An outdoor shower is perfect for sandy feet
When considering a coastal trip, understanding water safety is essential. This means ensuring that everyone in your traveling party — kids and adults alike — have a healthy respect for large bodies of water and their temperaments. Being able to identify tide times, rips at surf beaches, understanding of what the flags mean at beaches patrolled by surf lifesaving clubs, or researching if there are local warnings are just some of the keys to a safe and happy adventure — jellyfish, anyone?
“Sometimes tides can be a lot larger in certain areas than other areas, especially if you're doing remote camping and you decide you want to throw your body into the surf,” says Park. “It's just being safe, thinking before you leap.”
He advises to check local websites, tourist information centres, and to ask park operators for advice. The same rules apply to areas with rivers, inlets or dams where swimming might be dangerous, and if using your own kayaks or hiring boats, locals are a great source of information.
CRACK THE SAFE
There are other safety aspects you need to consider with a coastal adventure. First up, everyone needs to be sun smart (that big old hole in the ozone layer isn’t anyone’s friend). Slip, slop, slap may be an old-fashioned catchphrase these days, but it’s more appropriate than ever.
“What can ruin a two-week holiday really quickly is if you're traveling with the family and somebody gets really severely sunburned on the first day,” Park says. “Be mindful of the elements.”
Also consider your safety around other things that might bite on your coastal adventure, such as snakes, spiders, all manner of bugs, and potentially dingoes if you’re making a trip to an area such as Fraser Island.
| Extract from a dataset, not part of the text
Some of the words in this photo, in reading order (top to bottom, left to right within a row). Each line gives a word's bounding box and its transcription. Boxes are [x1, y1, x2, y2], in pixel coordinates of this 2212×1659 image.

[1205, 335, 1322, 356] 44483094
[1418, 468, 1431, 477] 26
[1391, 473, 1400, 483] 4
And for heaven’s sake, don’t feed the seagulls!
Also, while a beach bonfire may seem romantic, it may also be a hazard, so check with the local fire service if it’s allowed.
IT’S IN THE BAG
Packing for a coastal adventure requires more than just your swimsuit and a towel (although you’ll undoubtedly need those in warmer weather). Take hats, rash vests and long sleeve shorts for sun protection, as well as sunscreen. For winter travel, rug up with warm wind-proof jackets and a beanie — but still remember the sunscreen for blue-sky days.
Throw in a fishing rod or two and maybe some hand reels to try your luck at catching dinner. Also, take sturdy shoes for beach walking or lightweight neoprene shoes for rock-hopping.
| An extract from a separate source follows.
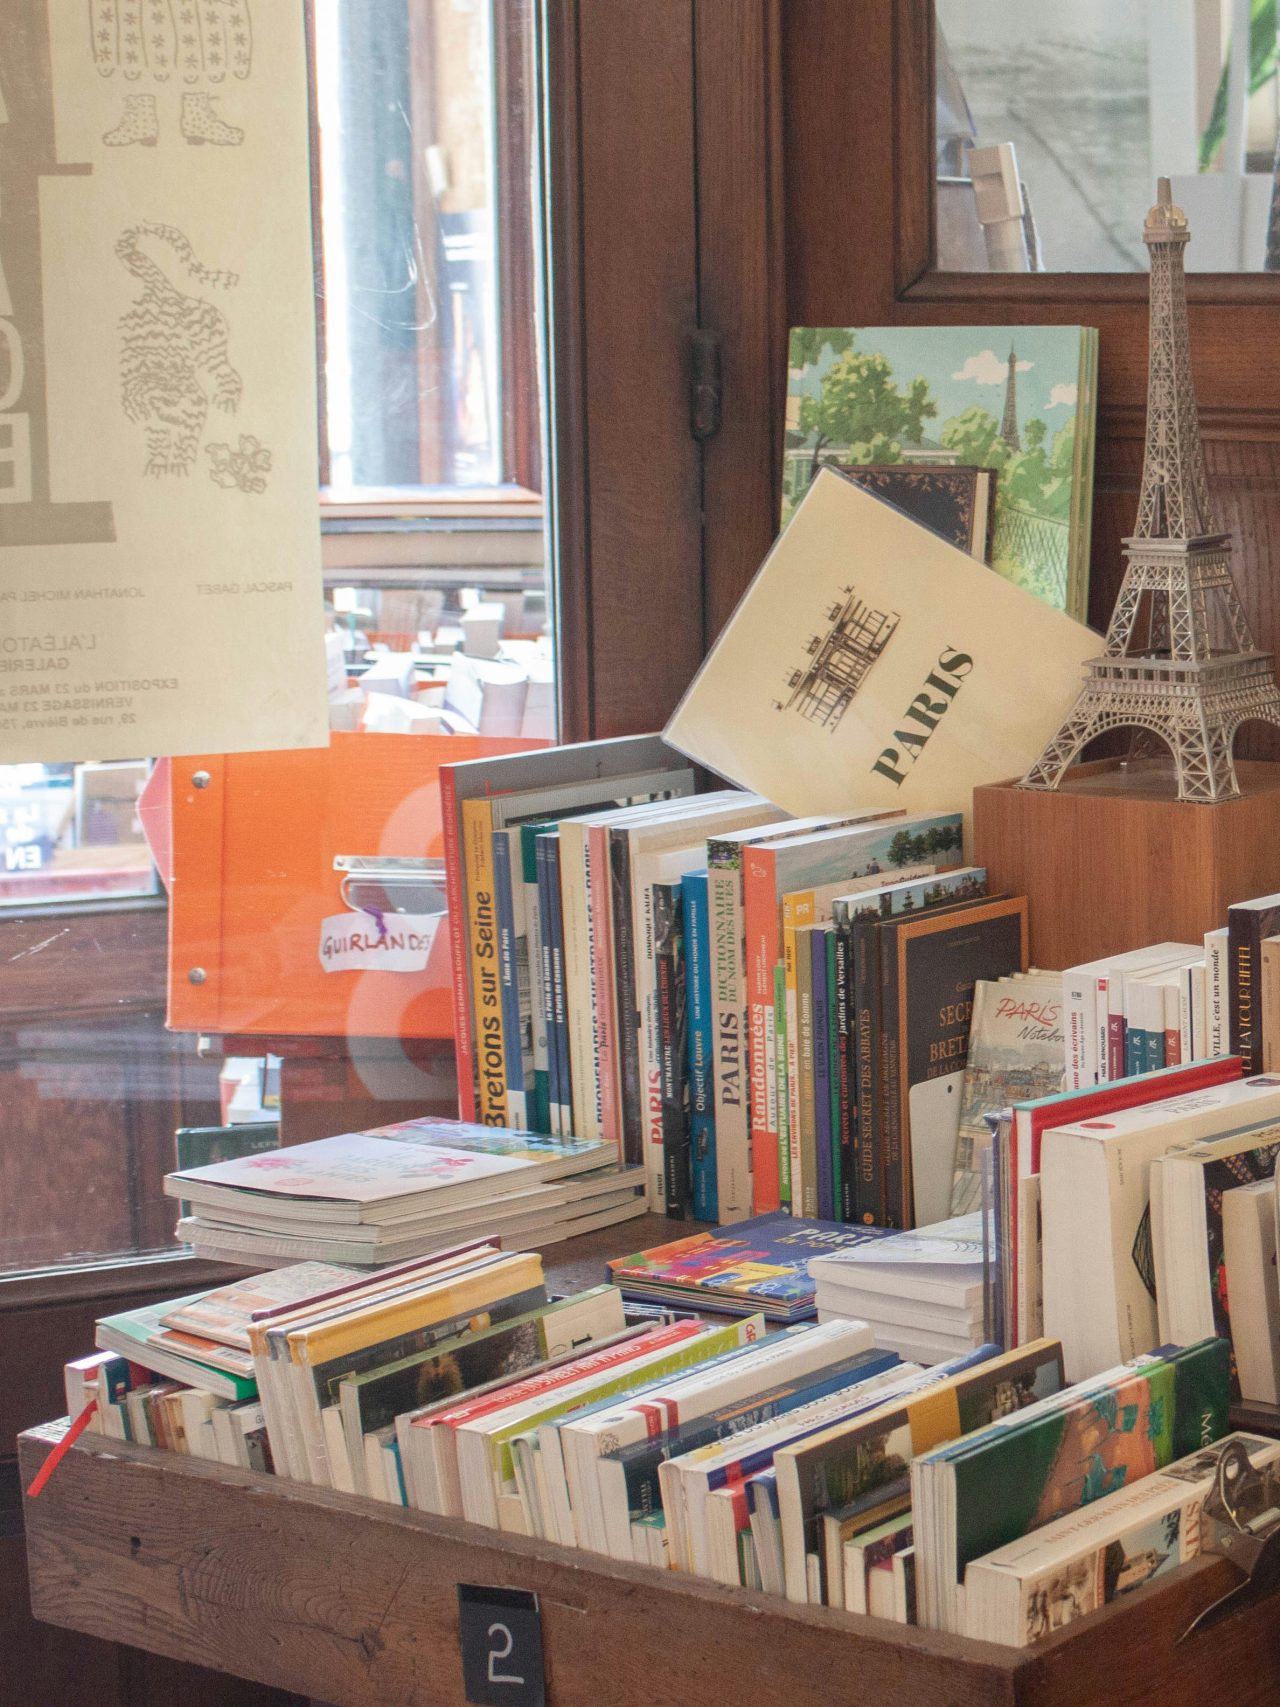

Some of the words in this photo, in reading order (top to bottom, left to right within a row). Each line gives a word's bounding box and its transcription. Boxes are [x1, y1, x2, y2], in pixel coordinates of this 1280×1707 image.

Park says there are a few other essentials you’ll need to enjoy a beachfront holiday. “Take some rope to use as a clothesline or to hang towels on after trips to the beach — it could just be that you run it between a couple of trees,” he says. “You could take some hammocks along but make sure you've got your outdoor chairs, and potentially some type of sunshade when you travel down to the beach itself.”
Another must-have is a dustpan and broom to keep the beach outside the van, not in it.
“Because kids don't care, they just run straight into the caravan and next thing you know, the whole place has got sand in it and you're dragging sand into your bed,” he says. “And honestly, that's not very pleasant! This comes from first-hand experience — I hate having to remake the bed every day.”
One of the most important things about a trip to the seaside is what you do when you get home. Salt water and salty air can be very corrosive, so Park says it’s vital for the longevity of your van that you clean your van as thoroughly as you can. This means not only the inside but washing down the outside with soap and water to remove any salty residue.
One of the main areas to be mindful of is underneath the van, which can be a tricky spot. But Park has a pro tip for owners. “A garden sprinkler is an easy way to wash off all the salt after a trip,” he says. “Simply place it underneath the camper, caravan or motorhome and move it around every now and then to reach all the nooks and crannies.”